A faithful, word-for-word copy of the data below is required, without pictures.

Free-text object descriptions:
════════

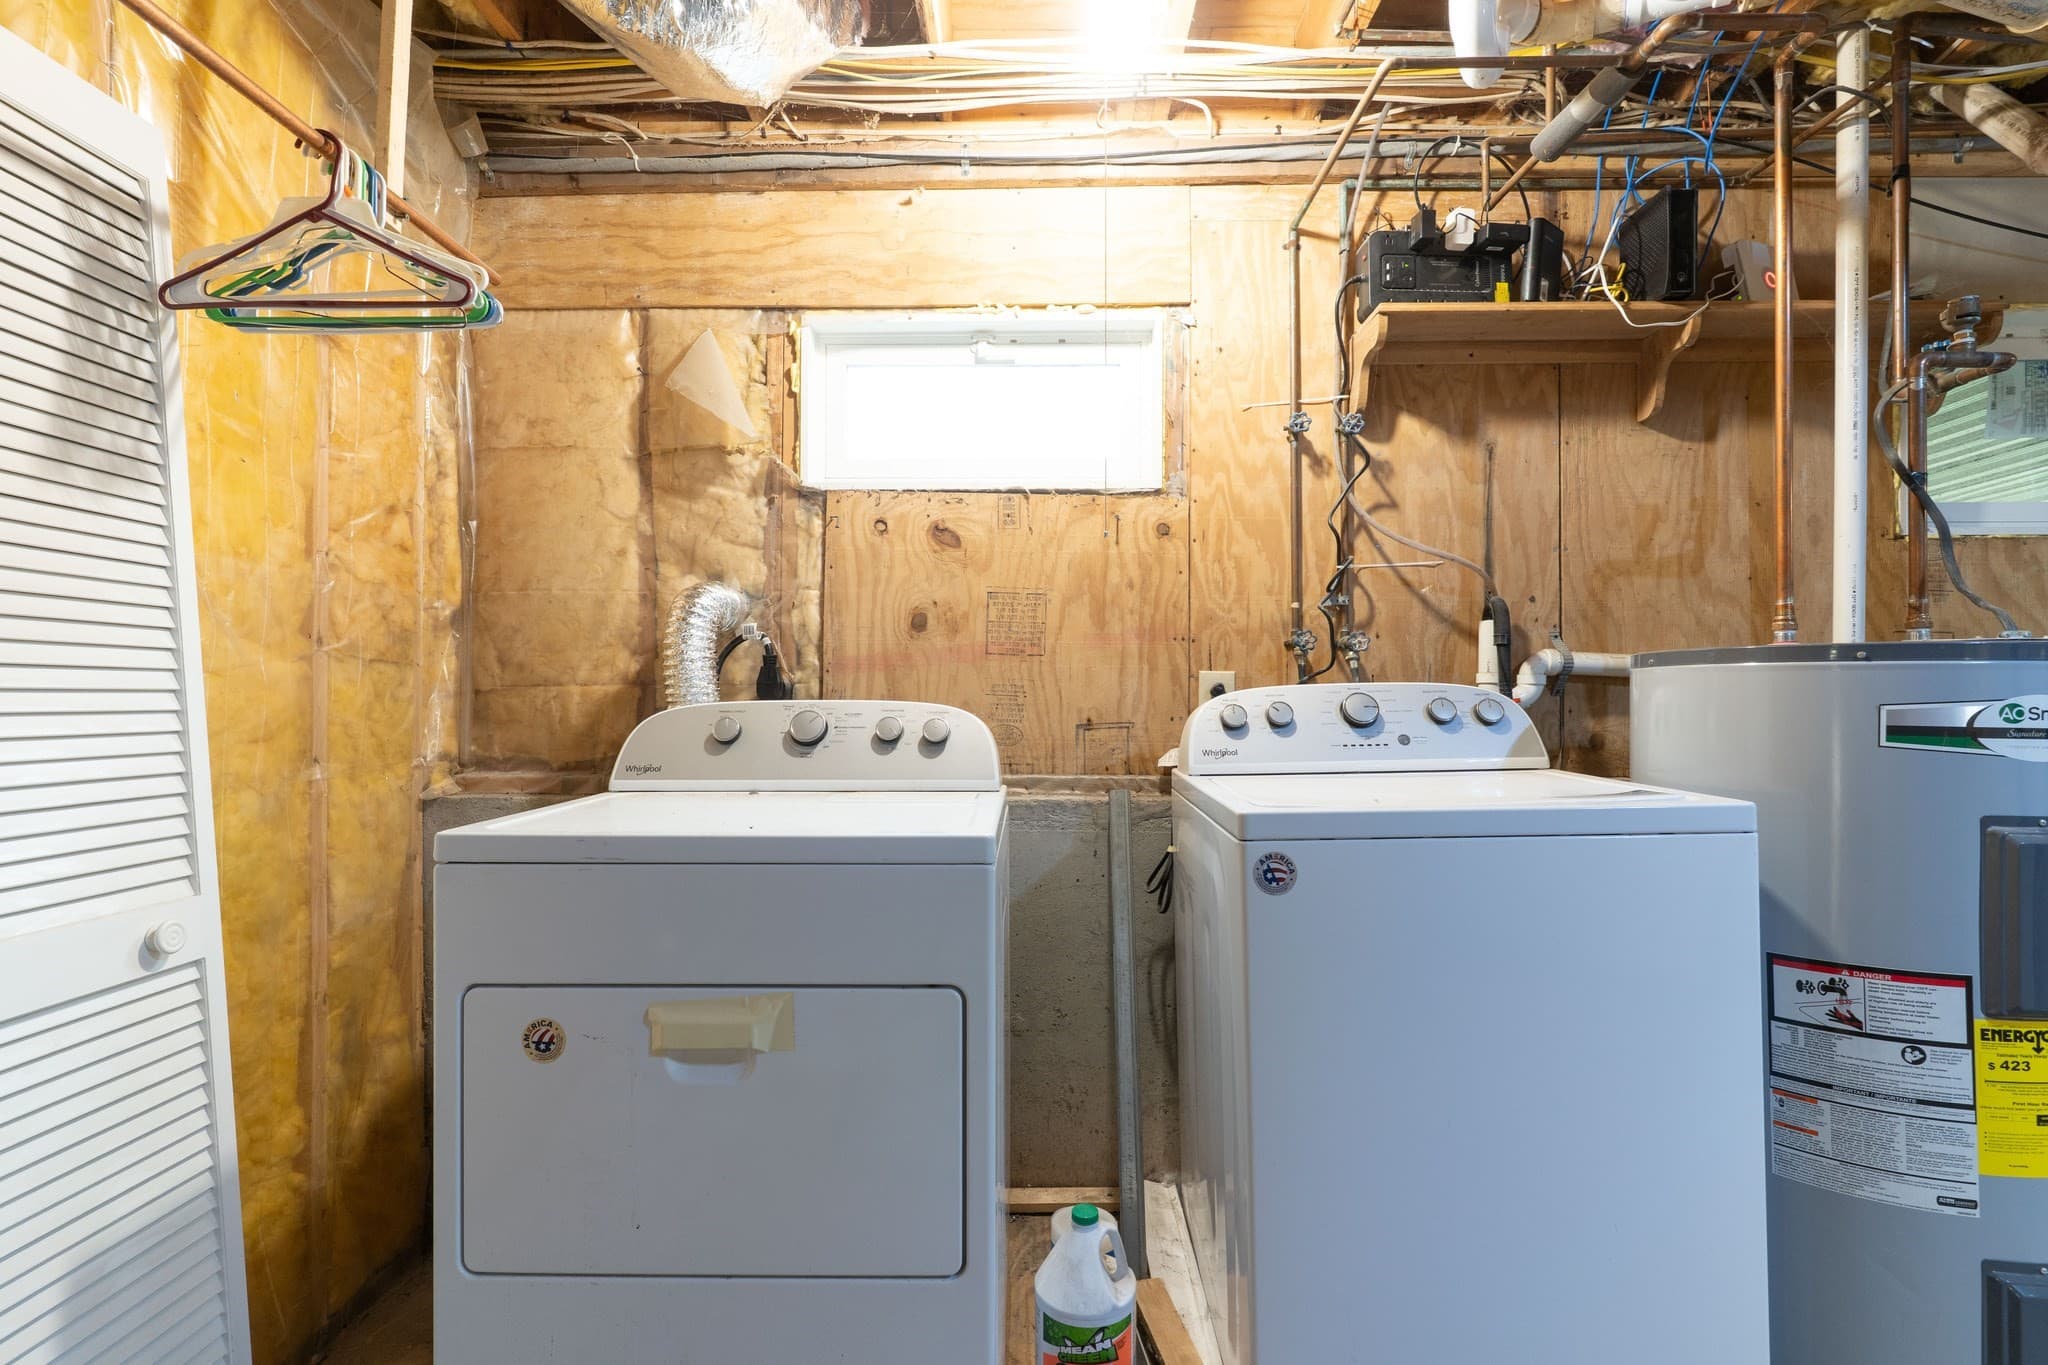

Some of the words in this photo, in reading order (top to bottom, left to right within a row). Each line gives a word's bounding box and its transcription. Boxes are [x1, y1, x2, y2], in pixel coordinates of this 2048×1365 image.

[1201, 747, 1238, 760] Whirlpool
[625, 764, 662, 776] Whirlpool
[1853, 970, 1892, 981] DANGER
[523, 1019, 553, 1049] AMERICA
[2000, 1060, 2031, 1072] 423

════════

| Task solution |
Some of the words in this photo, in reading order (top to bottom, left to right within a row). Each line gives a word's bounding box and its transcription. Boxes are [x1, y1, x2, y2], in pixel coordinates of this 2048×1365 image.

[1201, 747, 1238, 760] Whirlpool
[625, 764, 662, 776] Whirlpool
[1853, 970, 1892, 981] DANGER
[523, 1019, 553, 1049] AMERICA
[2000, 1060, 2031, 1072] 423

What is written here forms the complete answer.